◆ **TRY IT**
Every record below needs to be set down exactly. Pictures do not belong in the copy.

Start of DATASET EXTRACT

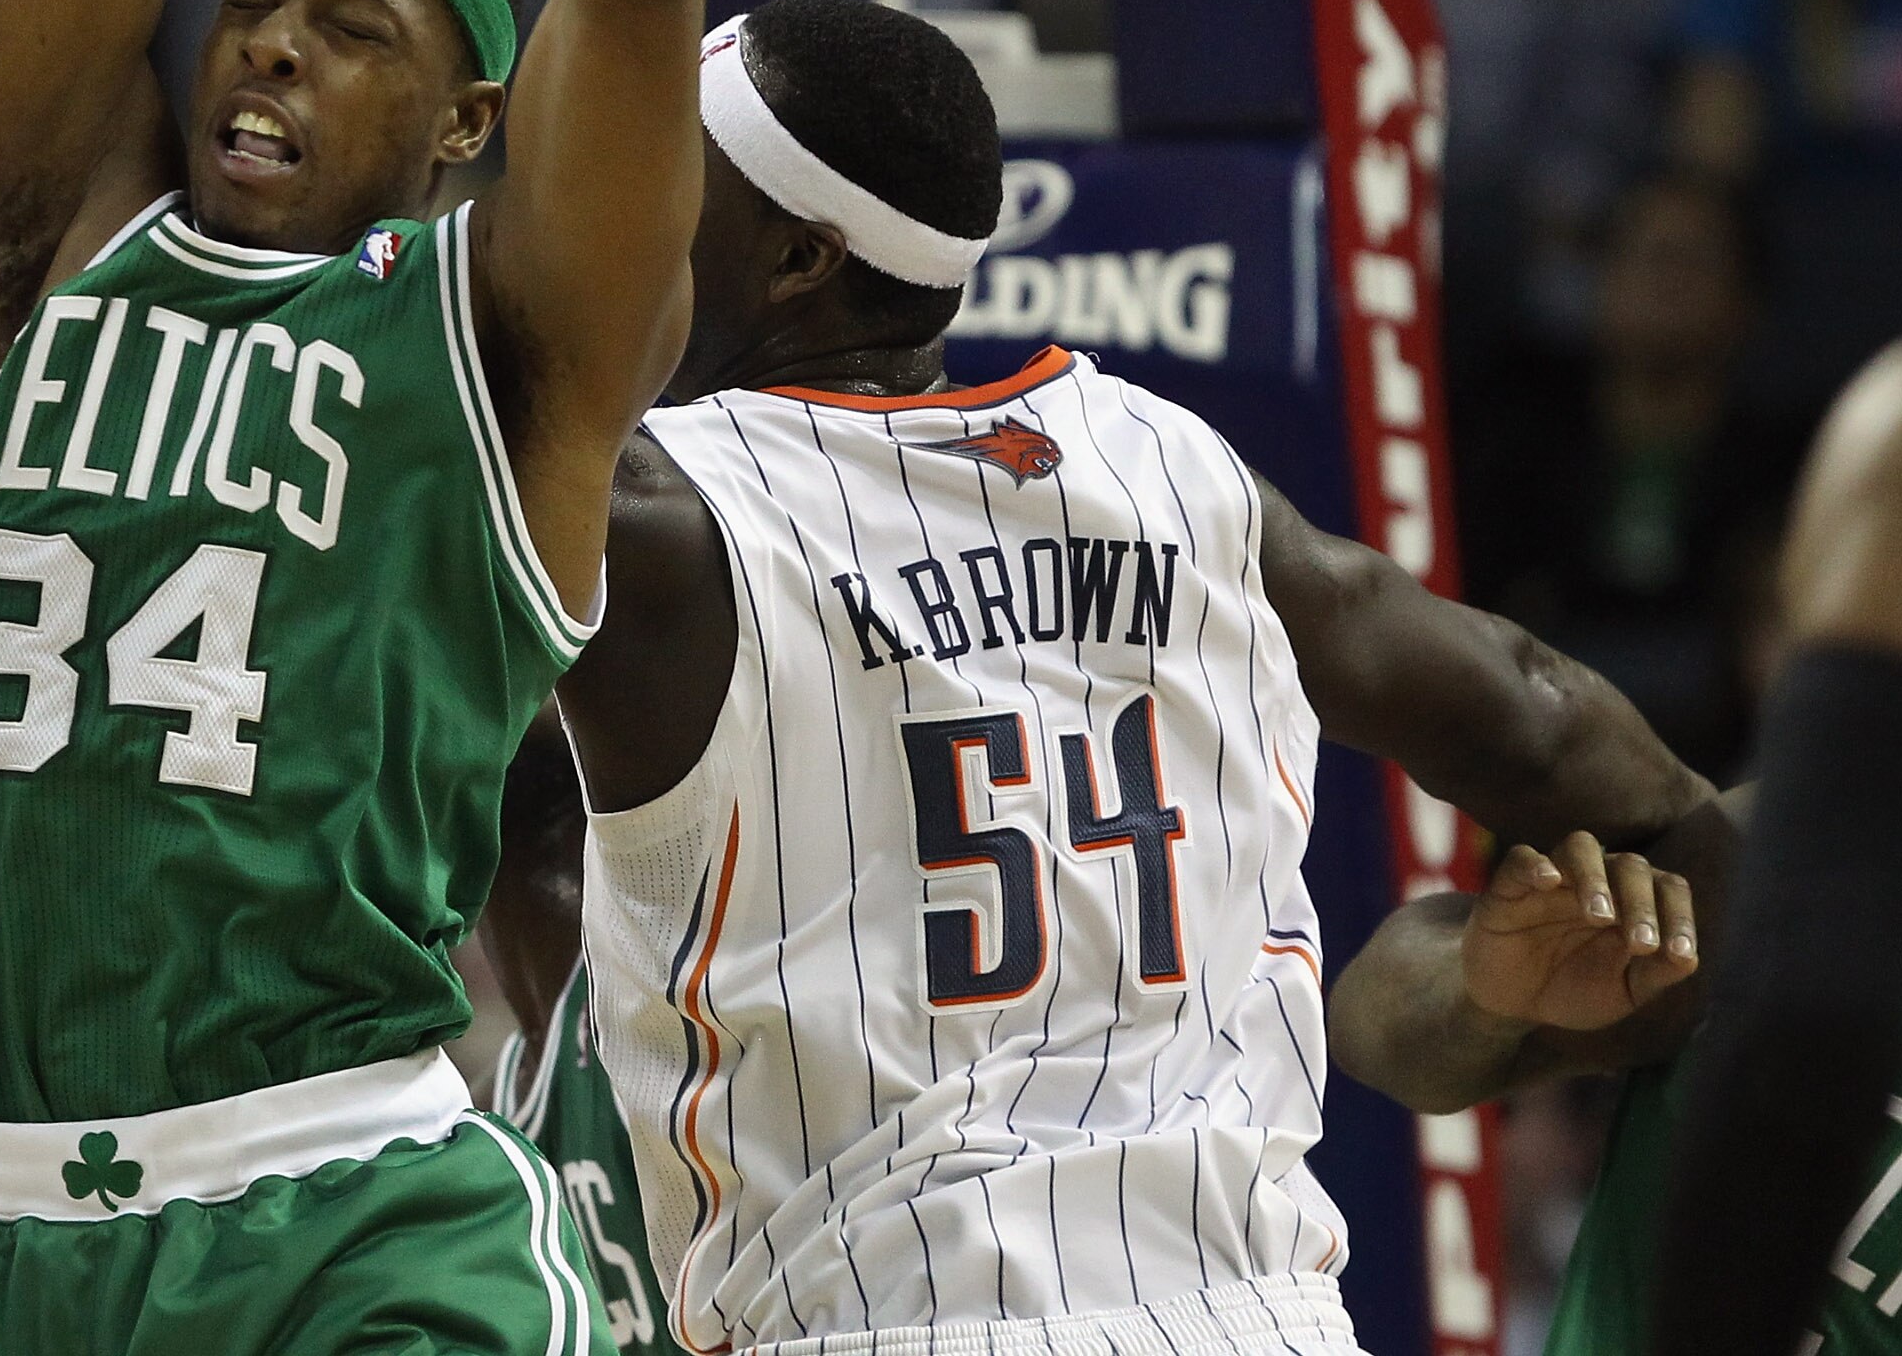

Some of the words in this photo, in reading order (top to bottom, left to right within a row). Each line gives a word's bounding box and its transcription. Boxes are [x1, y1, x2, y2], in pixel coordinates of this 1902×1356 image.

[947, 243, 1235, 363] LDING
[831, 536, 1179, 671] K.BROWN
[901, 689, 1188, 1011] 54
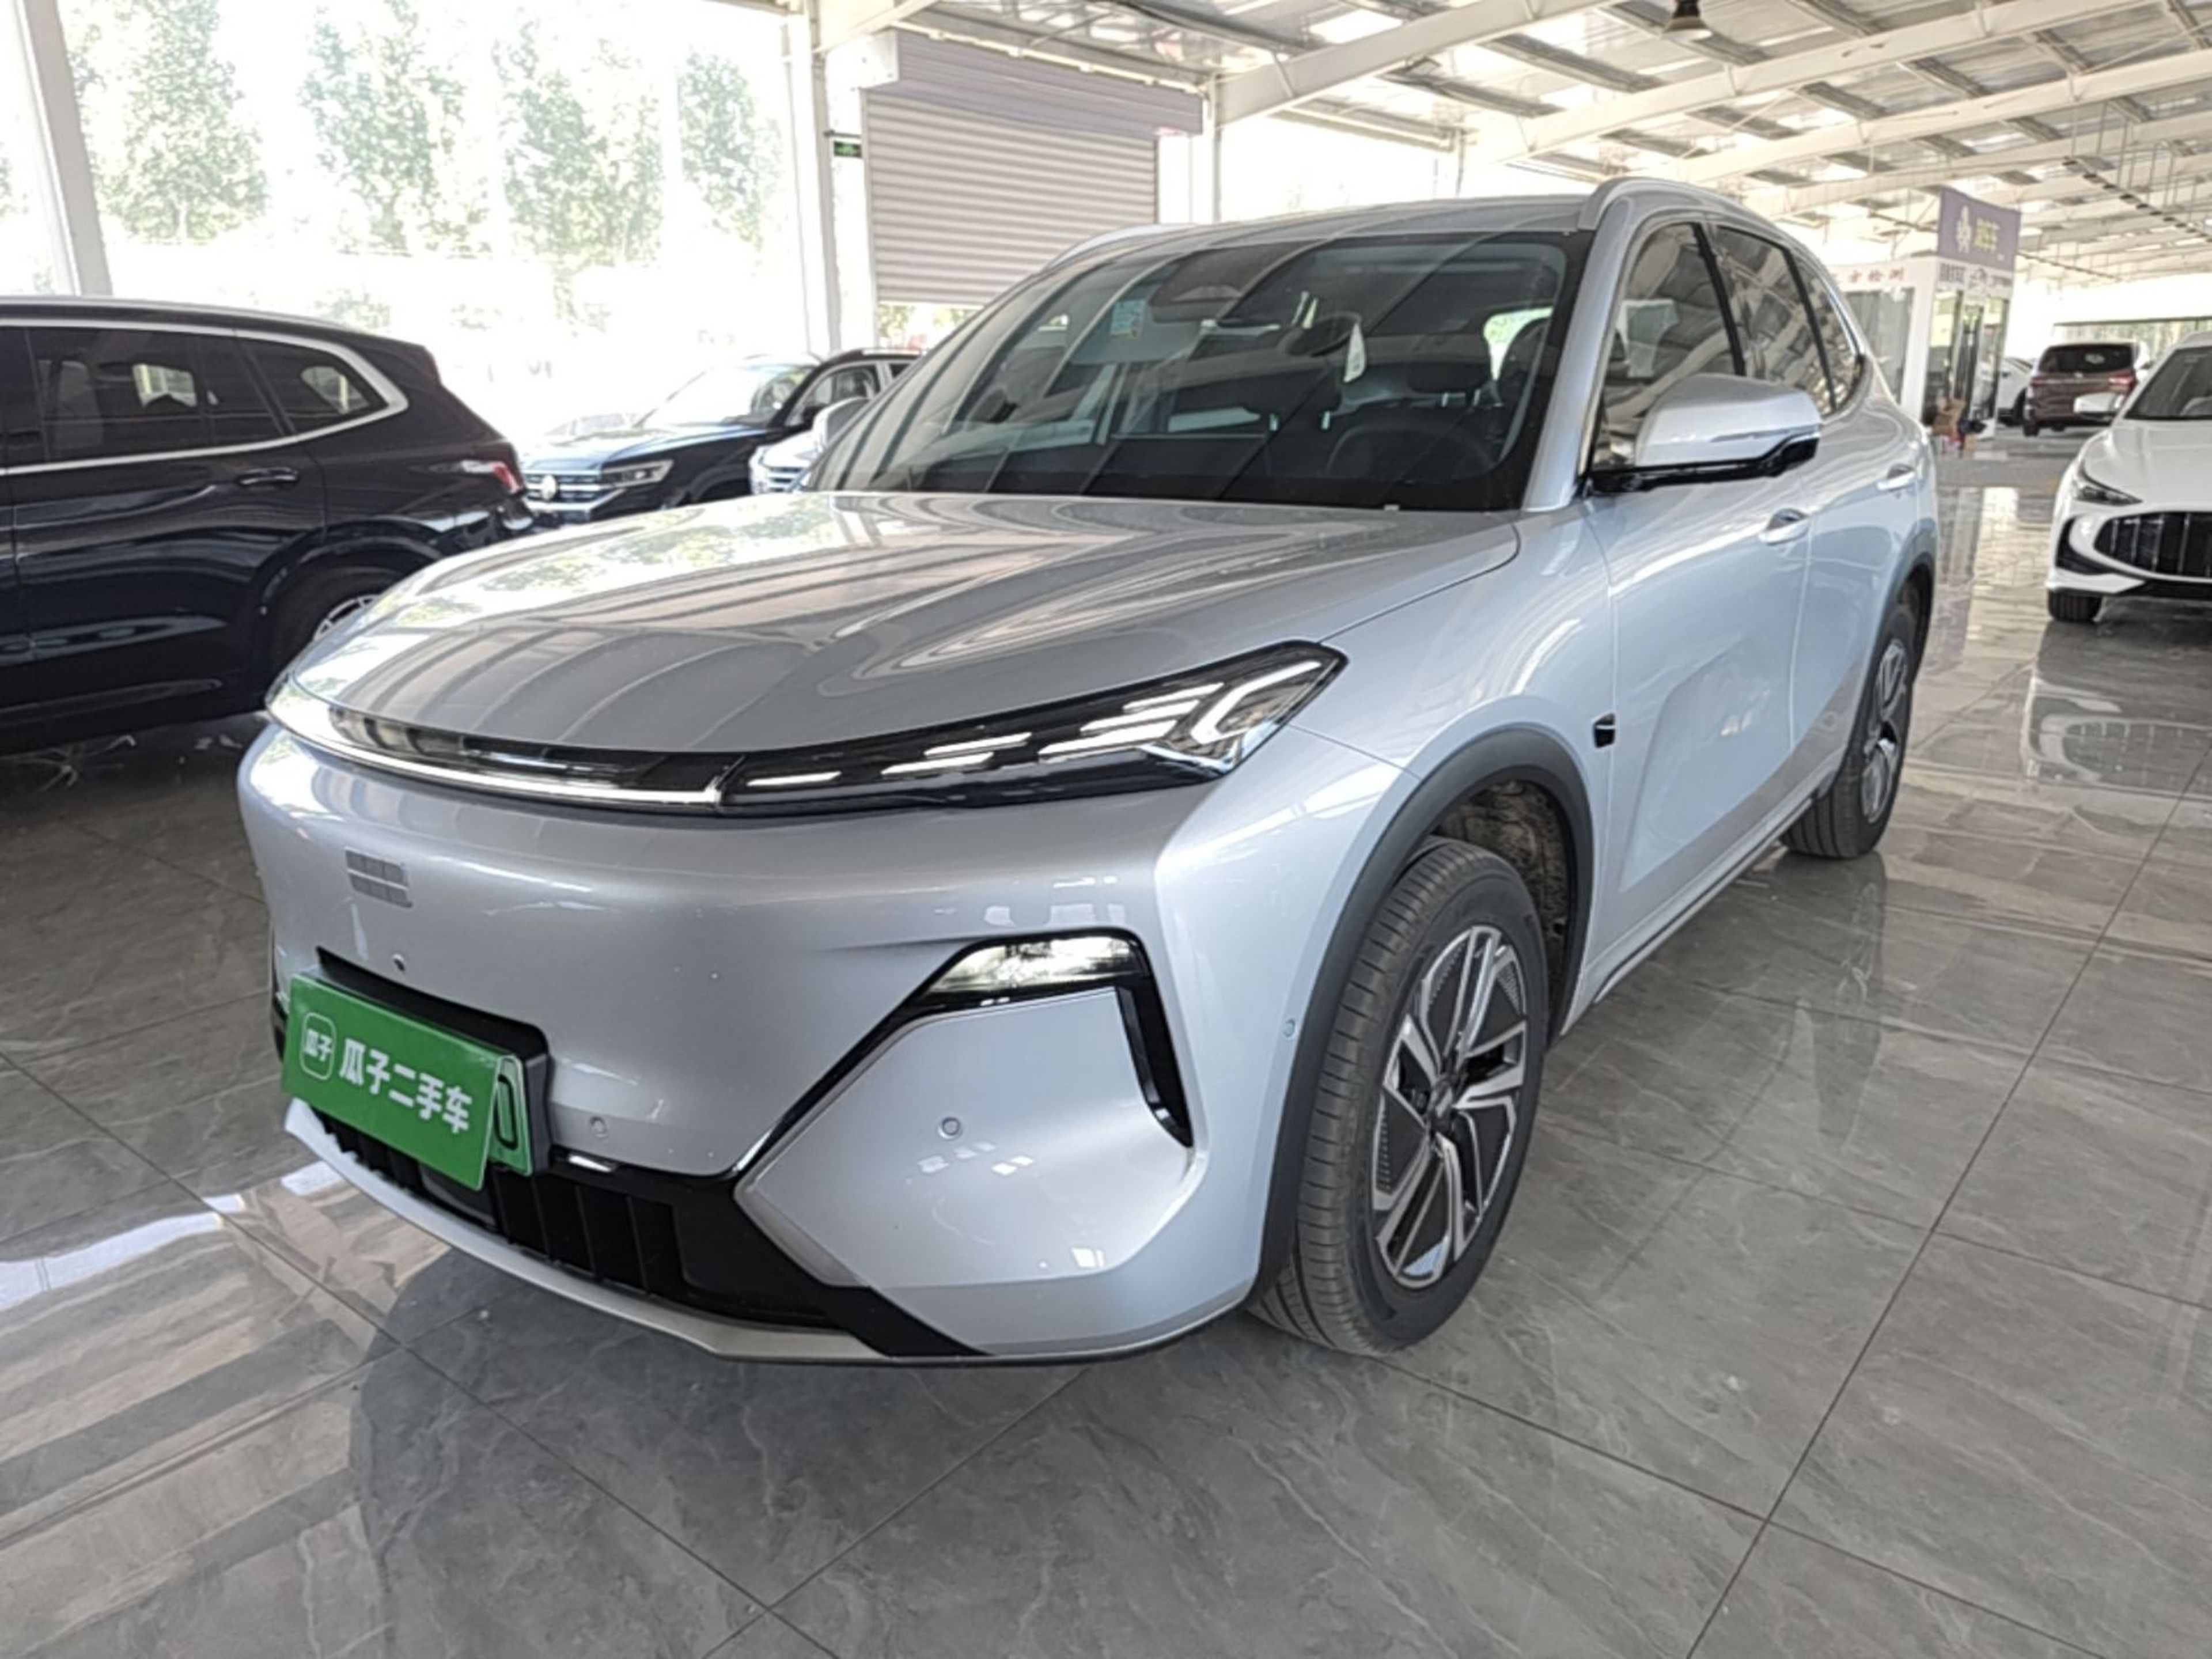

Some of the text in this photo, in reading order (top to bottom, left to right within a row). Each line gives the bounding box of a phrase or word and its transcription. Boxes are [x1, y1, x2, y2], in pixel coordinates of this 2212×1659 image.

[339, 1039, 472, 1133] 瓜子二手车

End of DATASET EXTRACT

◆ **REPLY TO THE TASK**
Some of the words in this photo, in reading order (top to bottom, left to right within a row). Each line gives a word's bounding box and its transcription. Boxes are [x1, y1, x2, y2], in pixel coordinates of this 1902×1356 image.

[947, 243, 1235, 363] LDING
[831, 536, 1179, 671] K.BROWN
[901, 689, 1188, 1011] 54

Some of the text in this photo, in reading order (top to bottom, left to right within a row). Each line gives the bounding box of a phrase or word and its transcription. Boxes are [x1, y1, x2, y2], in pixel coordinates of this 2212×1659 image.

[339, 1039, 472, 1133] 瓜子二手车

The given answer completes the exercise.